Уподобление лирического героя «земледельцу» как будто бы объяснимо параллелью с трудолюбивым Муравьем. Но в этой поверхностной перекличке слышно эхо еще одного стихотворения об осени. Это «Осень» Баратынского, одного из любимых поэтов Бродского. В «Осени» рачительный селянин, собравший урожай и отдыхающий в довольстве и радости, противопоставлен стихотворцу — пахарю — «оратаю жизненного поля», вступающему в «осень дней», в прозаичный и прагматический век, в преддверье смерти поэзии:
Зима идет, и тощая земля
В широких лысинах бессилья;
И радостно блиставшие поля
Златыми класами обилья:
Со смертью жизнь, богатство с нищетой,
Все образы годины бывшей
Сравняются под снежной пеленой,
Однообразно их покрывшей:
Перед тобой таков отныне свет,
Но в нем тебе грядущей жатвы нет!
«Стихотворение завершается торжеством зимы, неизбежной властью смерти. Но в природе смерть — это новое зачатие. В поэзии она — конец всего. Воскрешения в новой жизни поэта, согласно глубоко трагическому мировоззрению Баратынского, не дано», — пишет об «Осени» Юрий Лотман (Лотман Ю.М. О поэтах и поэзии. СПб., 1996. С. 520). Мировоззрение Бродскому трагично не менее, воспринимая осень как бесплодное и предсмертное для поэта и поэзии время, автор «Мухи» вступает в спор с Пушкиным —певцом творческой осени (Ранчин А. «На пиру Мнемозины»: Интертексты Бродского. М., 2001. С. 240-255).
КакКкаКак
Замена попрыгуньи Стрекозы еле ползающей неказистой мухой продиктована, очевидно, несколькими соображениями. (Между прочим, у Крылова ленивицей является не только Стрекоза, но и Муха, противопоставленная работящей Пчеле в басне «Муха и Пчела».) Одно из них — дань поэтическому «реализму», правдоподобию: стрекозий полет в отличие от мушиных воздушных экзерцисов почти беззвучен. Конечно, докучливое жужжание может быть названо «пением» лишь иронически, но Бродскому именно это и нужно. Нарушение в басне правдоподобия — мнимое. В русской поэзии, по крайней мере, до середины позапрошлого столетия «стрекозой» именовалась цикада или же условное насекомое, наделенное признаками и стрекозы, и цикады (Успенский Ф.Б. Три догадки о стихах Осипа Мандельштама. М., 2008. С. 9-36). Между прочим, в басне Лафонтена, которую вольно перевел Крылов, сетует на безжалостную осень именно Цикада, а не Стрекоза, и французское стихотворение называется «Муравьиха и Цикада». Но «басенно-поэтический стрекозий импульс, заданный на рубеже XVIII—XIX вв., оказался, в сущности, настолько сильным, что множество современных читателей и исследователей не только не обращают внимания на несообразность стрекозы поющей, но, как кажется, всерьез убеждены в способности этого радужного четверокрылого насекомого производить разнообразные, разливающиеся на большие расстояния звуки» (Там же. С. 35-36). Нельзя исключить, что и автором «Мухи» несообразность поющей Стрекозы замечена не была: в конце концов, басня не требует точности деталей, и пение может быть просто метафорой.

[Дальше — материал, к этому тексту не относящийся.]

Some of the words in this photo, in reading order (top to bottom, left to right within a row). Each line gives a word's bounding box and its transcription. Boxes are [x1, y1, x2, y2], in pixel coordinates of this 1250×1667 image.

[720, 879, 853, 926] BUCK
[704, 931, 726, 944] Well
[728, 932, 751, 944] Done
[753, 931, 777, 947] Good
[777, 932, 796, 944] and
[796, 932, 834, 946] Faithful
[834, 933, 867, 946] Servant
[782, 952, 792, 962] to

Серьезнее соображение другое. Муха в стихотворении — alter ego «я», его «другое», рассматривая которое (с долей брезгливости, но и с любопытством), лирический герой Бродского обретает возможность к самоотстранению, к взгляду на себя со стороны. Бежавший от непосредственного лиризма, безжалостно отсекавший его, хотя и отдавший ему дань в своей ранней «романтической» поэзии, Бродский предпочитал именно такое аналитическое самоотстранение. Однажды он признался: «Подобие объективности, вероятно, достижимо только в случае полного самоотчета, отдаваемого себе наблюдателем в момент наблюдения. Не думаю, что я на это способен; во всяком случае, я к этому не стремился; надеюсь, однако, что все-таки без этого не обошлось» («Путешествие в Стамбул»).

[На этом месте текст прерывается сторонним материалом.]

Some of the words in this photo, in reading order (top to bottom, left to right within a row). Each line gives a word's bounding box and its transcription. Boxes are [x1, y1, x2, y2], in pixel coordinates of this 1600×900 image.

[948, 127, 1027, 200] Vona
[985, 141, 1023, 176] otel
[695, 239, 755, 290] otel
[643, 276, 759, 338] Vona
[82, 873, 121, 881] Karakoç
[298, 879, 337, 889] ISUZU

Бродский часто пишет о себе в третьем лице, например так:
И восходит в свой номер на борт по трапу
постоялец, несущий в кармане граппу,
совершенный никто, человек в плаще,
потерявший память, отчизну, сына;
по горбу его плачет в лесах осина,
если кто-то плачет о нем вообще.
(«Лагуна», 1973)
Взгляд на себя со стороны есть способ самопознания, а «познание самого себя — не самая последняя проблема Бродского, поскольку “я” поэта — не последняя реальность. И, как любая реальность, это “я” многолико. Будучи представлено в стихах в разных ипостасях, оно каждый раз открывает новые стороны “себя”. Оно познает себя в контрасте и в сравнении с собой, в процессе отказа от себя и в подмене себя двойниками» (Полухина В.П. Больше одного: двойники в поэтическом мире Бродского // Полухина В.П. Больше самого себя. О Бродском. Томск, 2009. С. 84).
Но способность увидеть свое alter ego в насекомом? Почему именно муха?
Потому, что речь и жужжание в некотором смысле одно и то же.
Жужжанье мухи,
увязшей в липучке, — не голос муки,
но попытка автопортрета в звуке
«ж».
(«Эклога 5-я (летняя)», 1981).
В просторечии «жужжать» значит говорить попусту. Так и у Крылова в басне «Муха и дорожные» цокотуха «всем жужжит, что только лишь она / О всем заботится одна».
Тельце мухи и тело человека, когда он размахивает руками, похожи, о чем поэт прямо сказал: «Полицейский на перекрестке / машет руками, как буква "ж", ни вниз, ни / вверх…» («Декабрь во Флоренции», 1976).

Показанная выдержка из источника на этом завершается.